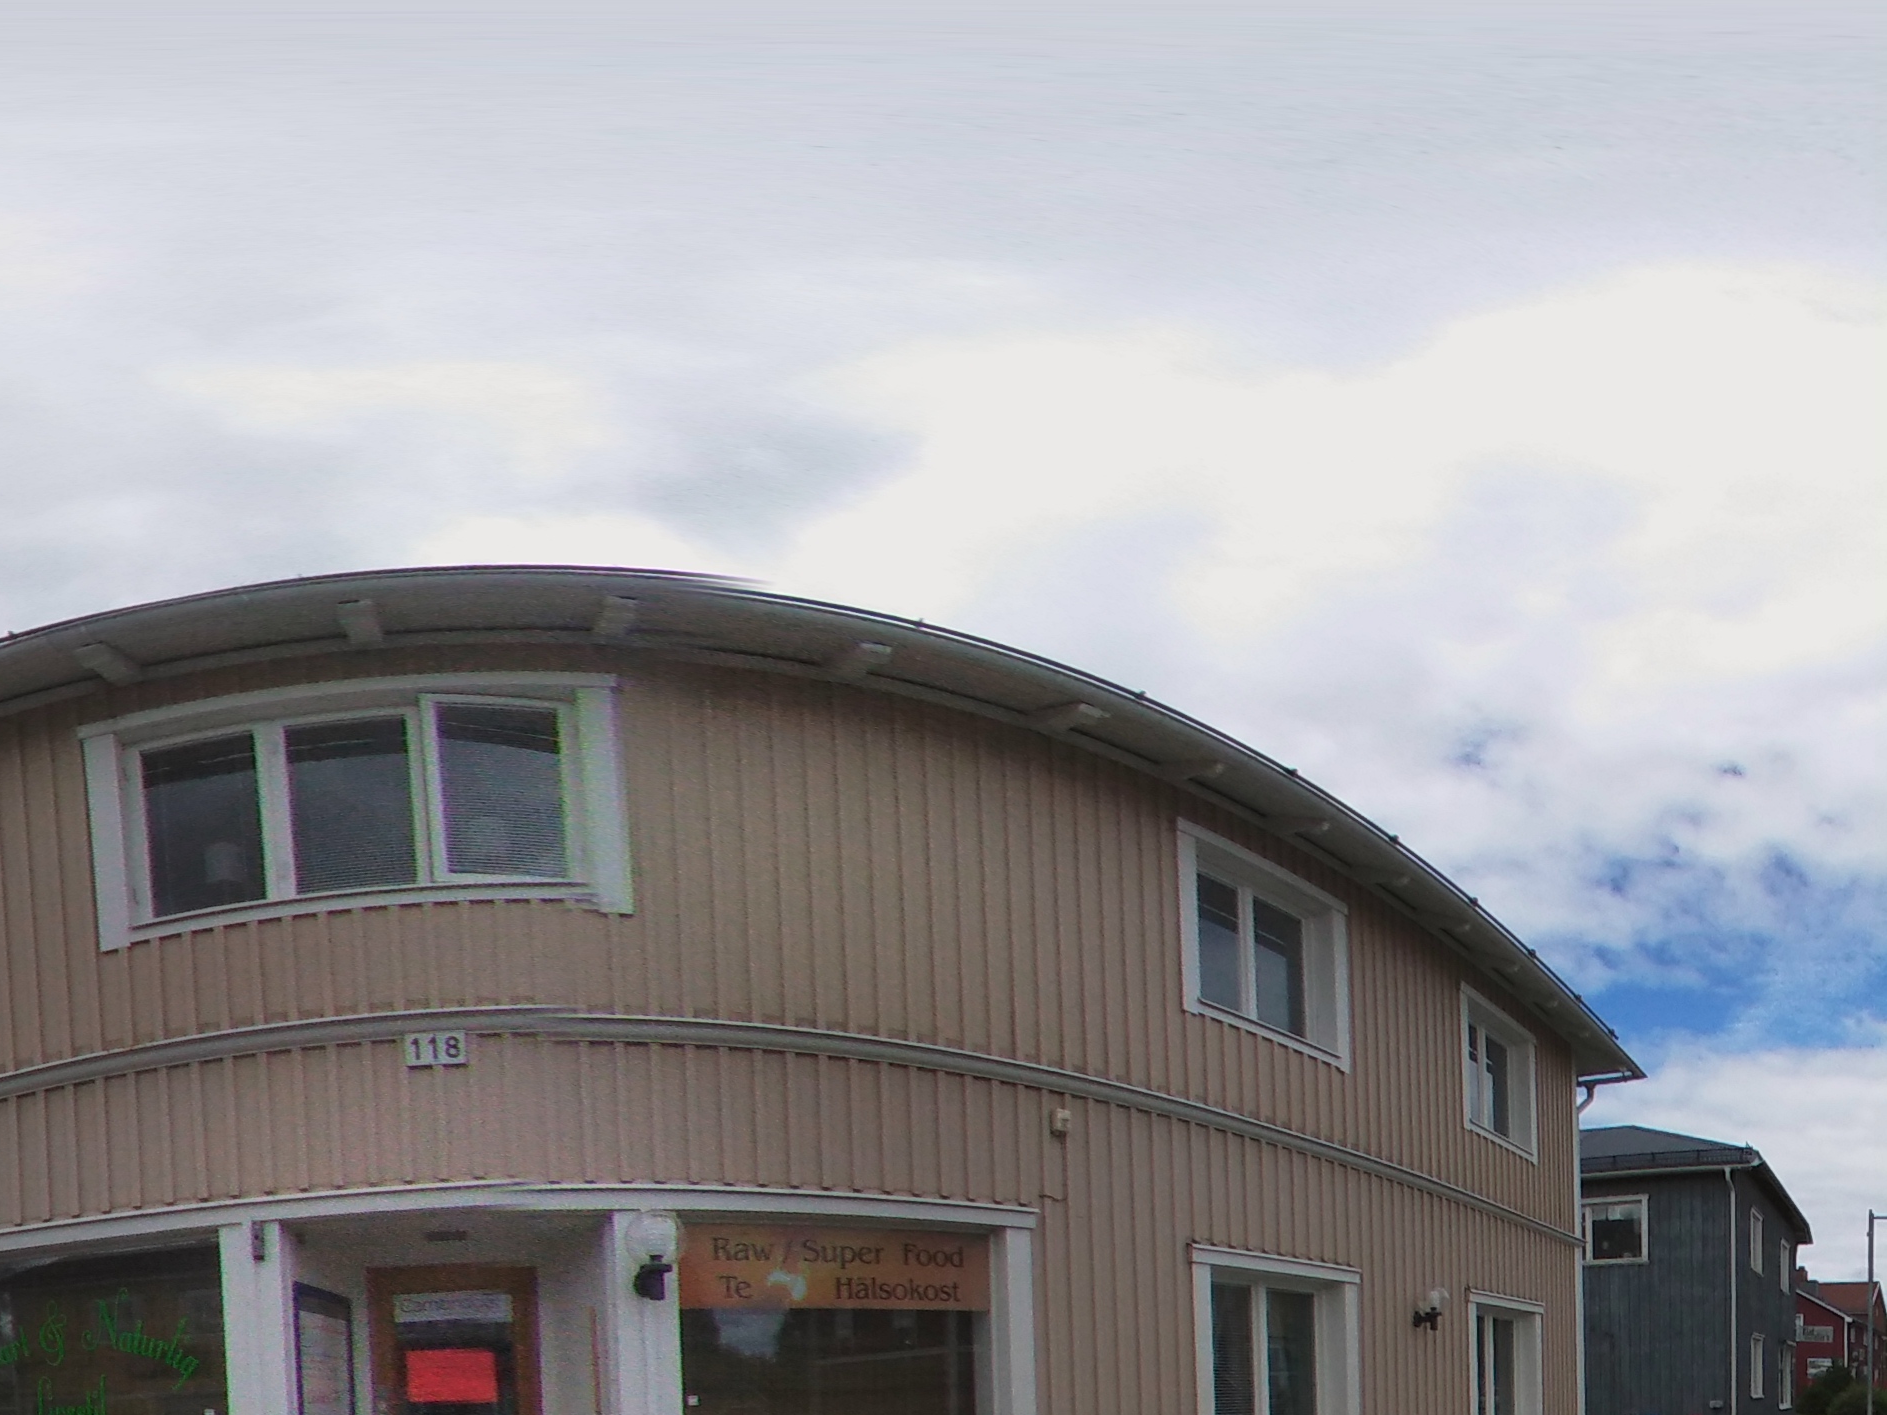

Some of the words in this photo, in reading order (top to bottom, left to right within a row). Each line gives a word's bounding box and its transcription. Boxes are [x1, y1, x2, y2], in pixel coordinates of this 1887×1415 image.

[410, 1034, 461, 1061] 118
[712, 1237, 774, 1262] Raw
[802, 1239, 885, 1269] Super
[903, 1243, 965, 1268] Food
[719, 1275, 753, 1299] Te
[834, 1276, 962, 1302] Hälsokost
[39, 1300, 67, 1367] &
[81, 1287, 201, 1390] Naturlig
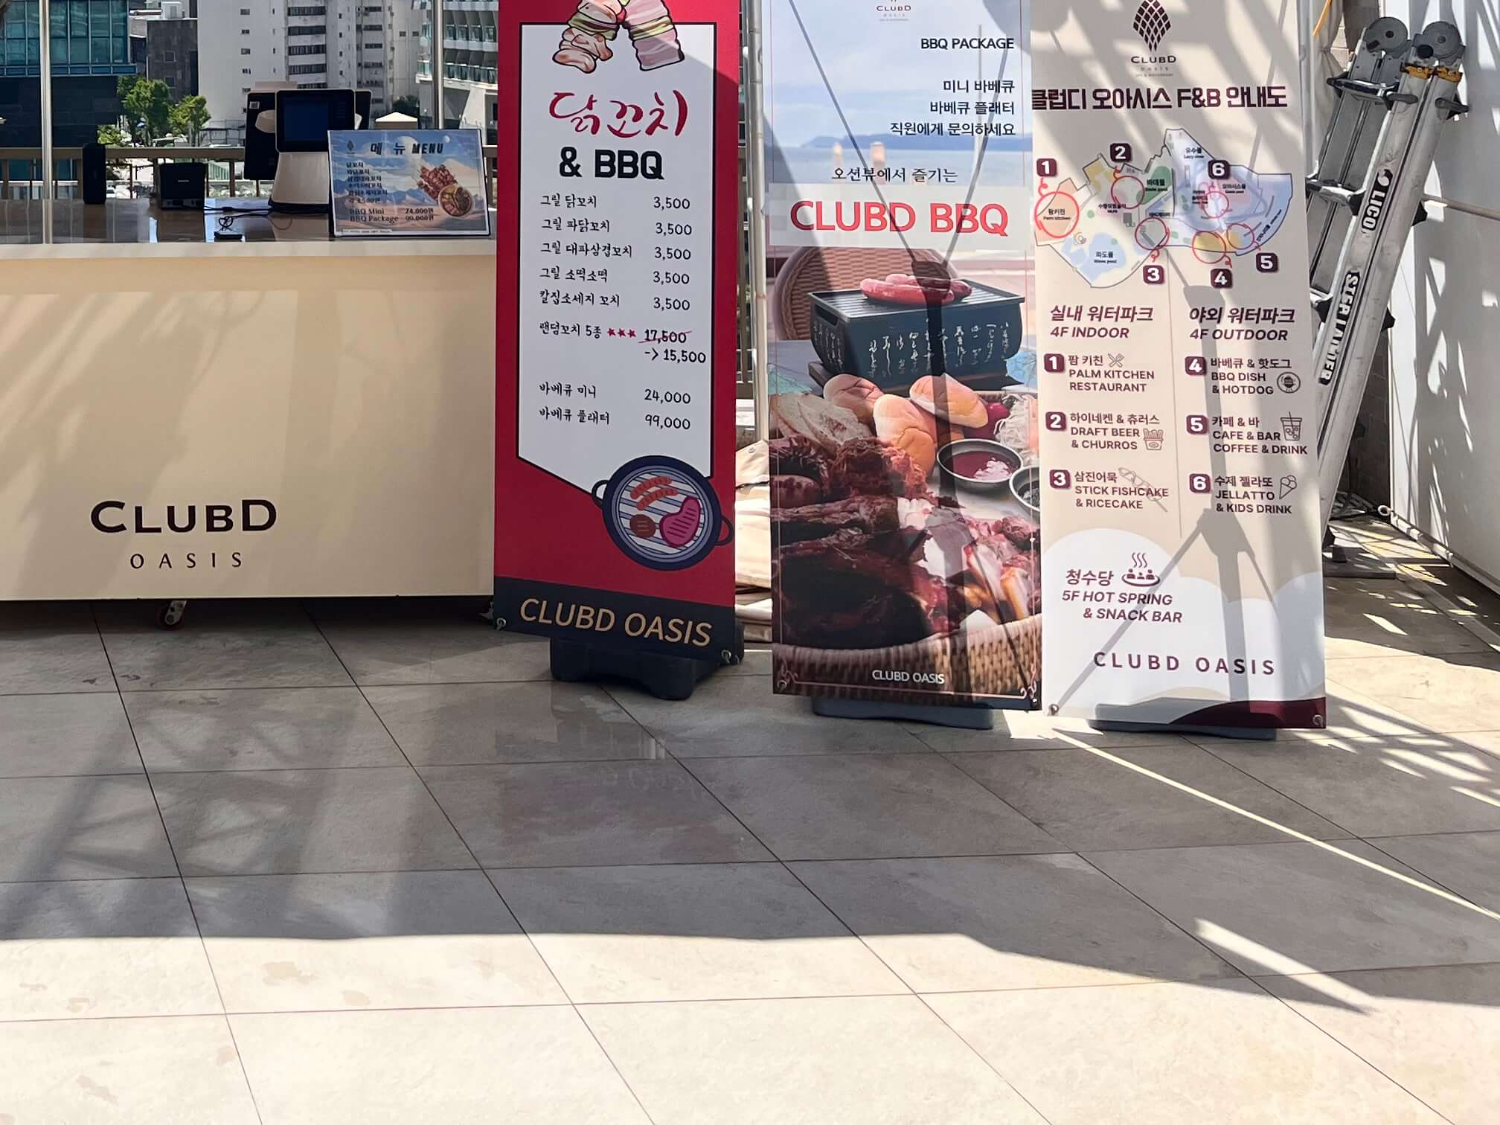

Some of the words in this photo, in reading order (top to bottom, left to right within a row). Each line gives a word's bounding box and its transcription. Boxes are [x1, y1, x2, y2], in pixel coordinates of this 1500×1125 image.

○ ○ ○ ○ ○ ○ ○

* **WHAT TO WORK ON**: What you should produce is an exact copy of the records, with the pictures left out.

* **TASK OUTPUT**:
Some of the words in this photo, in reading order (top to bottom, left to right within a row). Each line gives a word's bounding box and its transcription. Boxes are [x1, y1, x2, y2], in pixel coordinates of this 1887×1415 image.

[410, 1034, 461, 1061] 118
[712, 1237, 774, 1262] Raw
[802, 1239, 885, 1269] Super
[903, 1243, 965, 1268] Food
[719, 1275, 753, 1299] Te
[834, 1276, 962, 1302] Hälsokost
[39, 1300, 67, 1367] &
[81, 1287, 201, 1390] Naturlig

Some of the words in this photo, in reading order (top to bottom, left to right within a row). Each line gives a word's bounding box and its transcription. Boxes are [x1, y1, x2, y2], in pixel coordinates of this 1500×1125 image.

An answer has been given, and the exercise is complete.